Nikki Kaye knew she was going to leave politics as she walked out of the caucus room on Tuesday night.
The MP for Auckland Central had started the day as deputy leader, was acting leader by that morning after Todd Muller stood down, and had even been pushed by other National MPs to contest the leadership just hours earlier.
But as National MPs emerged from the caucus room behind new leadership team Judith Collins and Gerry Brownlee, Kaye knew she was done.
"I walked out and came along the Parliament forecourt, and I felt this overwhelming sense that now is the time to leave," Kaye told the Herald.
"I just knew. I can't really explain but I knew when I walked out of that caucus room. I knew my chapter was ending."
Speculation is rife that Kaye's sudden and unexpected departure is because she doesn't want to work under Collins or had a role in the leadership team's mishandling of the Covid patient privacy leak.
Kaye dismisses this.
"I'm very confident of the way I've operated and acted throughout this period, with very difficult circumstances arising. It's got nothing in any shape or form to do with that."
And on Collins: "Not at all, in any shape or form. I back Judith Collins 100 per cent to be prime minister. I will campaign for her. She is a formidable politician and I hope she is prime minister."
Nor is Kaye bailing because of the potential for an inquiry to challenge her previous comment that she hasn't received any confidential Covid patient information from close friend and former party president Michelle Boag.
"I've had nothing to do with that issue. I have acted with complete integrity. It has absolutely nothing to do with that.
"People can run all the conspiracy theories they want, but the truth is I'm choosing to take time for me."
Asked to run for leader
It seemed Kaye was at a fork in the road on Tuesday: either contest for the leader's role, or walk away from politics.
As leader, her liberal blue/green credentials might have had the potential to swing the centre behind National.
She is even sometimes jokingly referred to as a Labour MP in the wrong caucus, an idea she scoffs at.
"That is unfair. I'm certainly liberal blue-green, but I'm centre-right.
"The next generation of New Zealanders, many of them are socially-liberal, they care about the environment, but they also want equality of opportunity and the ability to have reward for effort. If anything I've been representative of many of the next generation of New Zealanders."
Did National MPs ask her to challenge for the leadership?
She considered it, including the nature of the role and whether she would have caucus support.
In the end, she told Collins that she supported her bid before the vote because it was what was best for the party.
That's been her driving force in the recent months of upheaval for National, she says.
"It's hard for people to sometimes see this, but whether it was potentially Todd standing [with Kaye as deputy], whether it was me making it clear to Judith that she'd be the best leader, I have tried to do what is best for the party and the country.
"Judith is the right leader, right now ... To cause disruption [by contesting] when in my view she's the right person would not have been a good thing."
It was not the future she had envisioned when she signed up to be Muller's deputy in May.
"If the circumstances had been different, maybe I would have been Deputy PM, and that would have been the right thing if potentially circumstances hadn't occurred. But they did.
"This is what I've learned about life. You can't know what's around the corner. All you can do is act in the best way possible. That is what I've tried to do."
She doesn't regret being part of the team that rolled Simon Bridges because she didn't think he could win.
But a lot has changed since then, she says.
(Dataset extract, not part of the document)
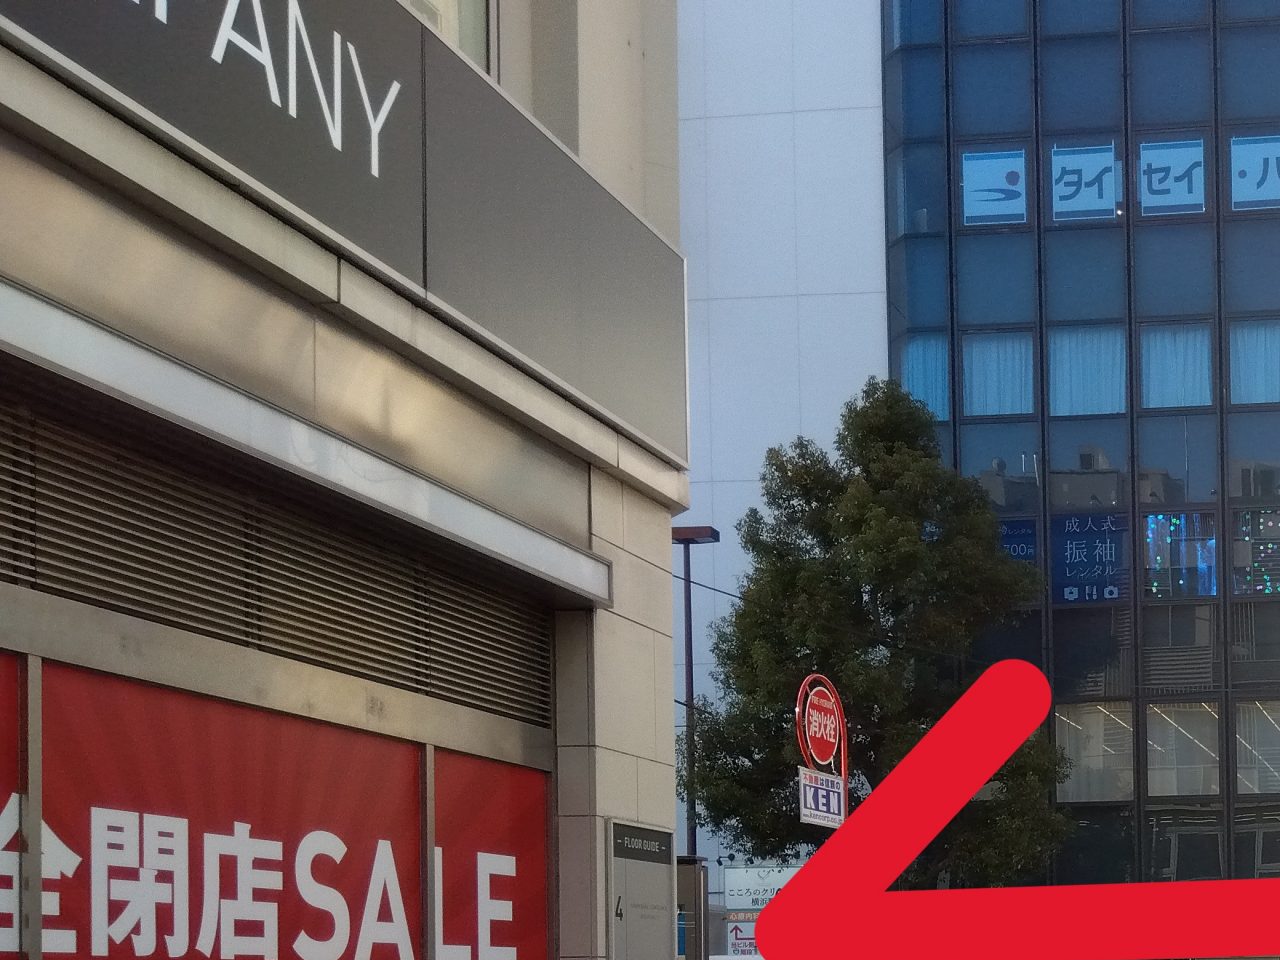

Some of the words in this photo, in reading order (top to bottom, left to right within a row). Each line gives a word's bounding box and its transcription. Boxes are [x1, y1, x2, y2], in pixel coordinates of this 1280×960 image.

"The balance of the calculation shifted for me. I had to balance making a significant contribution to New Zealand versus maybe going off and living a little bit.
"I've always said you never ever want a seat-warmer. You've got to have people that are 100 per cent in."
Kaye has been the Auckland Central MP for 12 years, winning what had been a Labour seat for decades, and her ministerial portfolios when National was in power include education, ACC, food safety, and civil defence.
She is proud of second language learning and the roll-out of fast, uncapped internet connections in schools, cuts to ACC levies, and mobile civil defence alerts.
As a local MP, she has progressed a conservation park for Great Barrier Island, local school redevelopments, the City Rail Link and apartment law reform.
"There will always be things left on your list and there certainly are some - marine protection in the Hauraki Gulf, ferries to Waiheke.
"It's an extraordinary privilege to be an MP. As you walk through an airport, get into a taxi, people tell you stories they don't tell other people.
"I will miss the extraordinary power you have to make a difference in people's lives."
But she doesn't think she'll miss contributing in the corridors of power when, for example, important education reform is being debated.
"I might be fishing on the Barrier or going for a swim or catching up with my nieces or nephews. I think I'm more likely to be doing that."
She said she had already been emailed about "political to corporate" opportunities in the short time since her retirement became public.
"I always want to be helping people, so it's probably more likely to be charitable, but I'm going to take it slowly and enjoy not working so many hours and have a bit of time out.
"I'm looking forward to having a bit of a break, and spending a bit of time on the Barrier. That is my spiritual home, if you like.
"Because of the nature of breast cancer, I'm not at all worried about the future. I feel very at peace and very happy. I've had an amazing time in Parliament and contributed a lot, but now is the time for the next chapter."